Effective customer on-boarding continues to be a challenge for many financial institutions.

Effective customer on-boarding continues to be a challenge for many institutions. Banks have a very limited window to engage new customers, increase new account balances and grow share of wallet before households lose interest in the many new customer communications and offers being sent their way.

In many cases, the customer may switch to another bank entirely. According to the American Customer Satisfaction Index (ACSI), about 10-20 percent of customers switch banks each year. Additionally, a December 2012 report from ACSI indicated that while customer satisfaction has improved as an industry whole, it is mostly the result of continued high customer satisfaction among smaller banks and credit unions, and from an increasing number of consumers having moved from large banks to smaller institutions.

Taking a closer look at the customer satisfaction quandary, J.D. Power & Associates indicated in its annual survey of retail-banking customer satisfaction that new customers are the least satisfied and the most likely to leave. In fact, the report revealed that new customers are nearly three times more likely to show attrition during the first ninety days of opening a new account.

However, this short grace period is the optimal time for banks to establish long-lasting and profitable relationships with new customers. The challenge is that in the crucial first year of a relationship when the customer is most inclined to develop a positive or negative brand experience, a bank is least likely to possess the necessary data to accurately engage a customer according to his or her true potential.

For some new accounts, banks typically only have information on initial opening balance. Many banks rely on this extensively to assign treatment groups and decide which new customer should receive premium offers. However, the initial balance amount can be misleading as some customers open new accounts starting with a relatively low balance, perhaps to take advantage of a special offer or to begin a new, low-dollar amount direct deposit program. Opening balance often does not present an accurate depiction of households’ wealth and growth potential. As a result, potentially high opportunity customers may be placed into sub-optimal treatment groups and upsell opportunities are lost.
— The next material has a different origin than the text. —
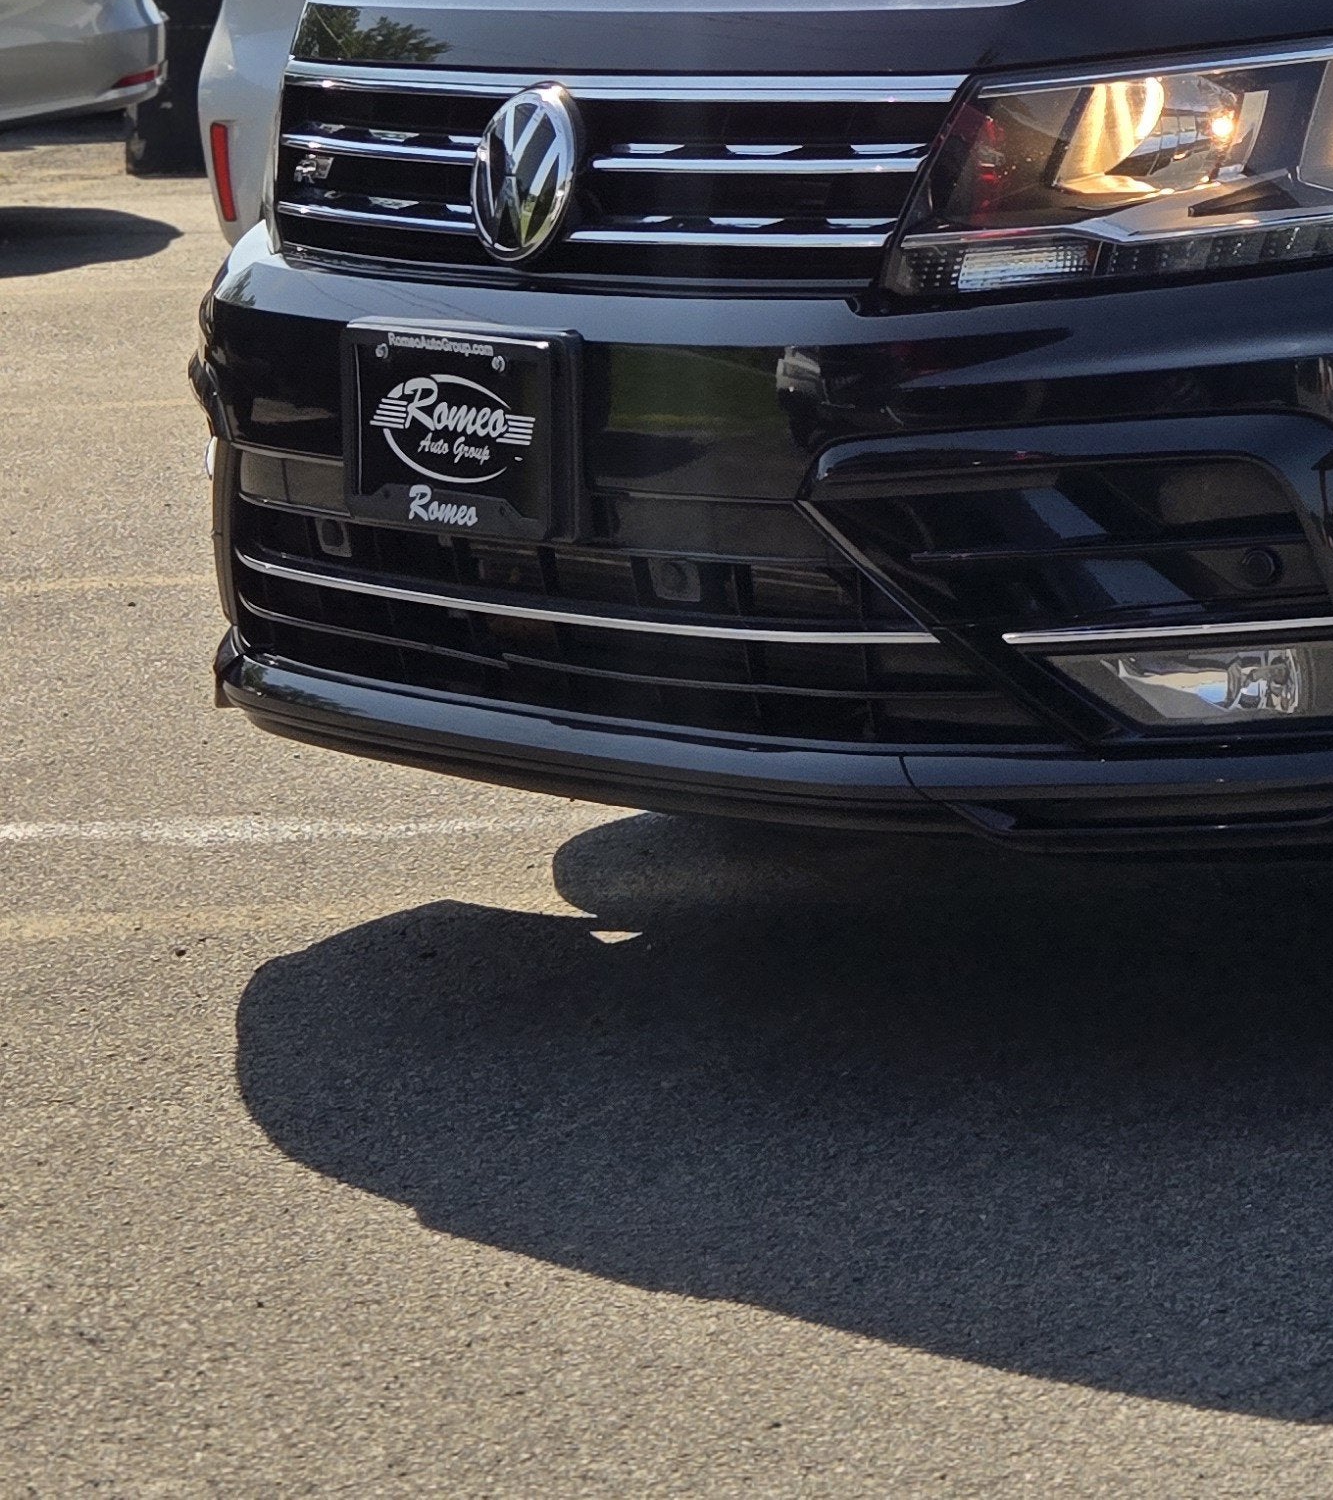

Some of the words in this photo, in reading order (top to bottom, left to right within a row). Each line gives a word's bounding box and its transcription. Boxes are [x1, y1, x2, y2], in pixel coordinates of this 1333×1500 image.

Banks require additional information to effectively identify high opportunity customers from day one in order to appropriately distribute resources, grow deposits and increase share of wallet; therefore, banks should look closely at new account opening processes and thoughtfully develop a strategic approach to better on-board and retain new customers.

Superior Customer Experience And Effective Cross-Selling

To win over customers, banks must not only deliver a superior customer experience, but also be particularly attentive during the first 90 days when the relationship is most vulnerable.

A case in point – Fifth Third Bank has more than 1,300 branches across 12 states, but despite its size and extensive customer base, it reaches out to customers three times within the first 90 days of a relationship. After two days, it thanks the customer; after two weeks, it reaches out again to ensure the relationship has been fully activated; and again after two months, to begin cross selling.

To successfully cross-sell and better identify customers who have a high potential for expanding the relationship, Fifth Third relies heavily on household total assets and total deposits estimates to better gauge the potential profit of new customers from day one using only the customer’s ZIP+4 code and age. This is especially helpful in determining which new customers are likely to be Mass Market, Mass Affluent, or Affluent, based on a view of their total estimated financial position, as opposed to just the starting balance.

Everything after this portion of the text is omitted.